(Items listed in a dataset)

Start of Block

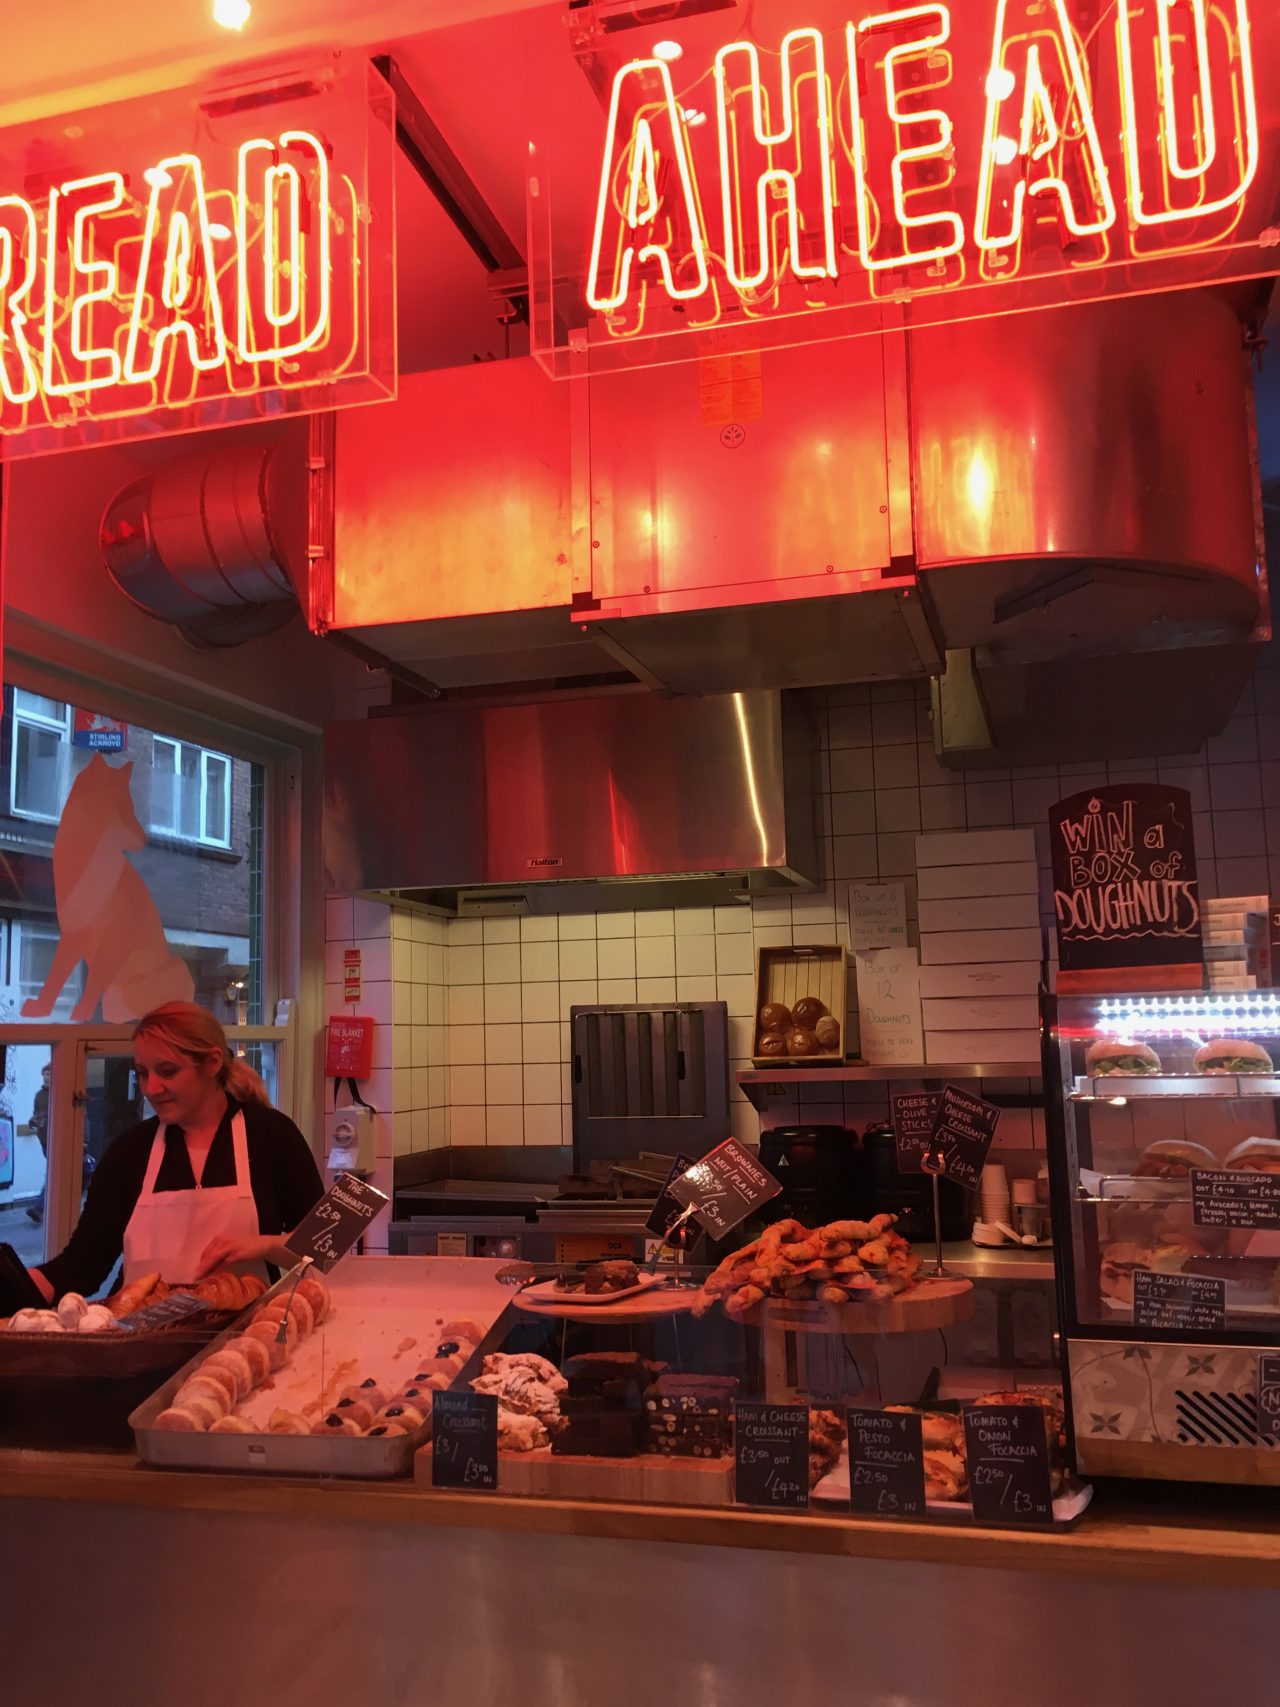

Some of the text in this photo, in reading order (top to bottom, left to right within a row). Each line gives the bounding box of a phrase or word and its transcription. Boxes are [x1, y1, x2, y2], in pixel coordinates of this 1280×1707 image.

[587, 0, 1260, 310] AHEAD
[1143, 824, 1165, 849] a
[530, 858, 559, 867] Halton
[1069, 850, 1182, 889] BOX of
[1054, 878, 1199, 934] DOUGHNUTS
[876, 980, 895, 1000] 12
[342, 1027, 364, 1038] BLANKET
[897, 1097, 929, 1109] CHEESE
[901, 1118, 934, 1131] STICKS
[948, 1117, 988, 1143] CROISSANT
[724, 1143, 768, 1188] BROWNIES
[969, 1176, 978, 1184] IN
[1196, 1172, 1227, 1181] BACON
[1236, 1175, 1273, 1184] AVOCADO
[330, 1186, 374, 1218] DOUGHNUTS
[700, 1200, 720, 1218] £3
[714, 1216, 726, 1227] IN
[313, 1233, 333, 1252] £3
[326, 1249, 338, 1259] IN
[1155, 1275, 1180, 1287] SALAD
[1186, 1278, 1220, 1291] FOCACCIA
[435, 1395, 469, 1412] Almond
[442, 1413, 489, 1430] Croissant
[737, 1407, 758, 1422] HAM
[769, 1410, 807, 1422] CHEESE
[850, 1413, 893, 1429] TOMATO
[964, 1411, 1008, 1428] TOMATO
[858, 1429, 891, 1444] PESTO
[978, 1429, 1012, 1441] ONION
[864, 1446, 916, 1463] FOCACCIA
[987, 1442, 1038, 1457] FOCACCIA
[774, 1456, 792, 1465] OUT
[877, 1489, 917, 1511] £3 IN
[1012, 1490, 1033, 1513] £3
[1036, 1504, 1047, 1512] IN
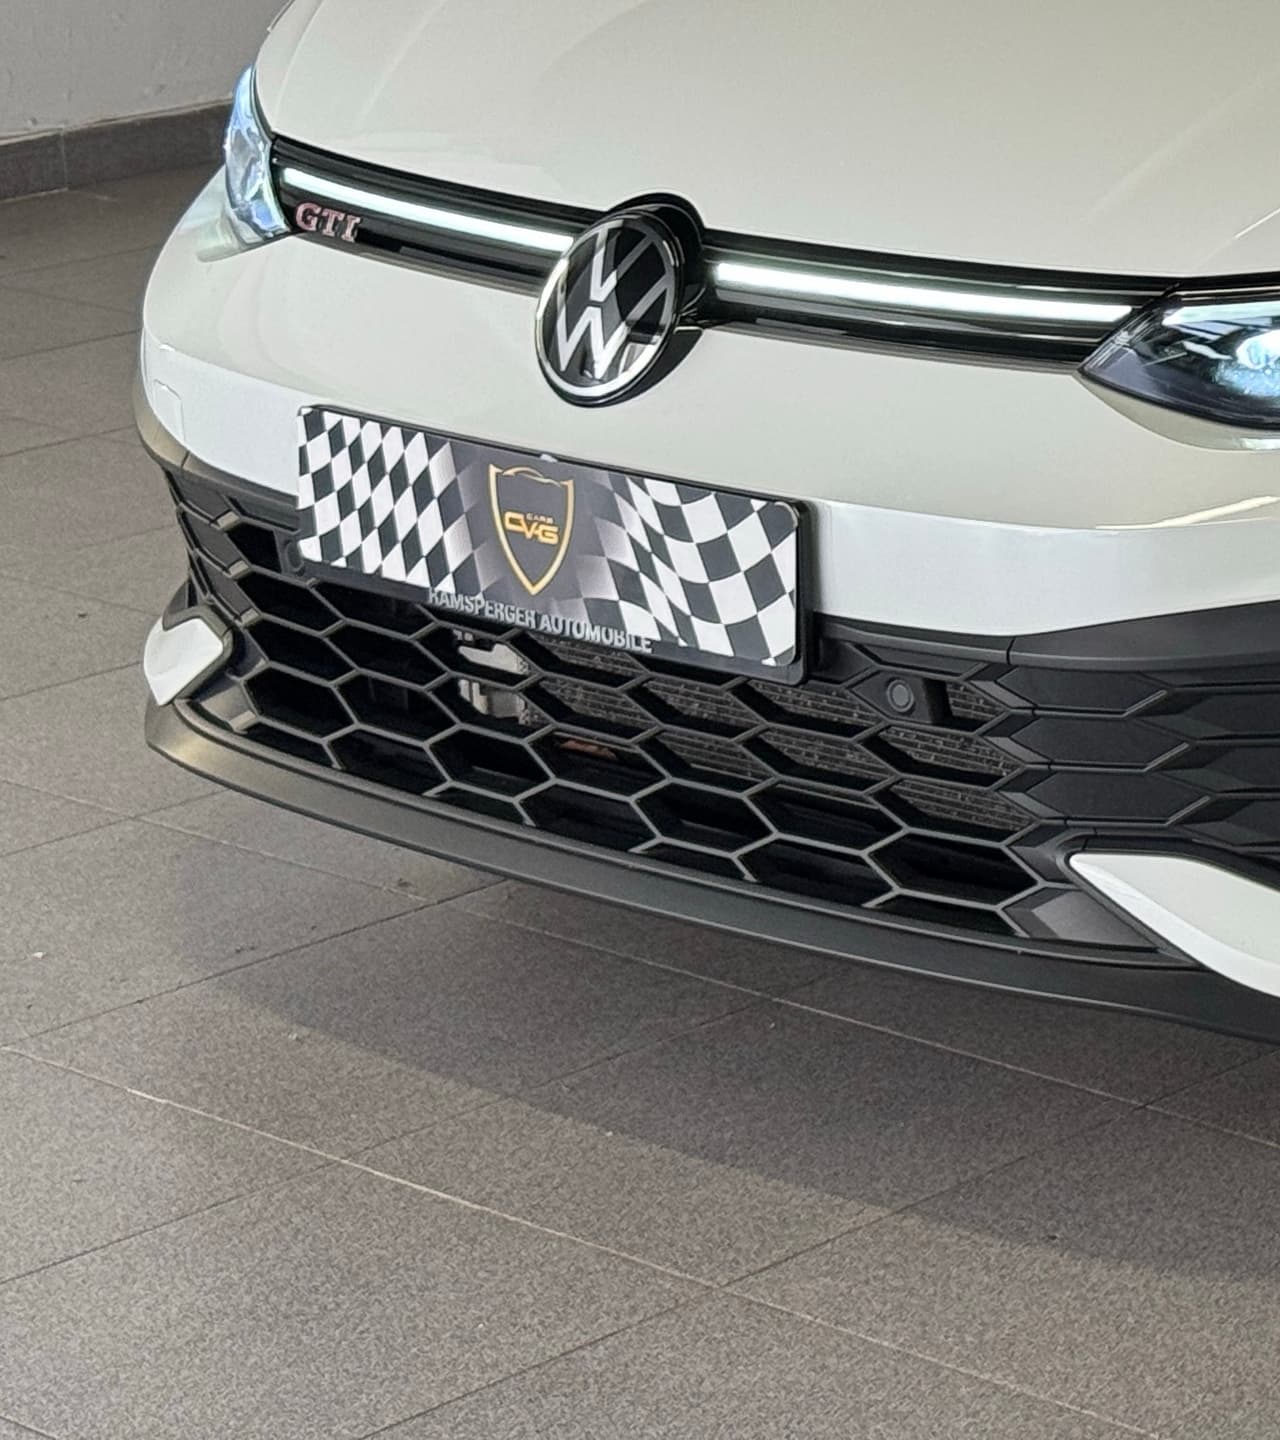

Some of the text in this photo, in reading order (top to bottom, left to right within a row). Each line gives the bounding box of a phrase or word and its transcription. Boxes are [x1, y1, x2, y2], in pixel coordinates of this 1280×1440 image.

[295, 201, 361, 243] GTI
[505, 511, 559, 544] CVG
[539, 613, 653, 654] AUTOMOBILE

End of Block

__How to complete this task__. Word for word, copy the line containing "this 1280×1440 image." and each line after it to the end of the records, and nothing besides.

__Result__.
Some of the text in this photo, in reading order (top to bottom, left to right within a row). Each line gives the bounding box of a phrase or word and its transcription. Boxes are [x1, y1, x2, y2], in pixel coordinates of this 1280×1440 image.

[295, 201, 361, 243] GTI
[505, 511, 559, 544] CVG
[539, 613, 653, 654] AUTOMOBILE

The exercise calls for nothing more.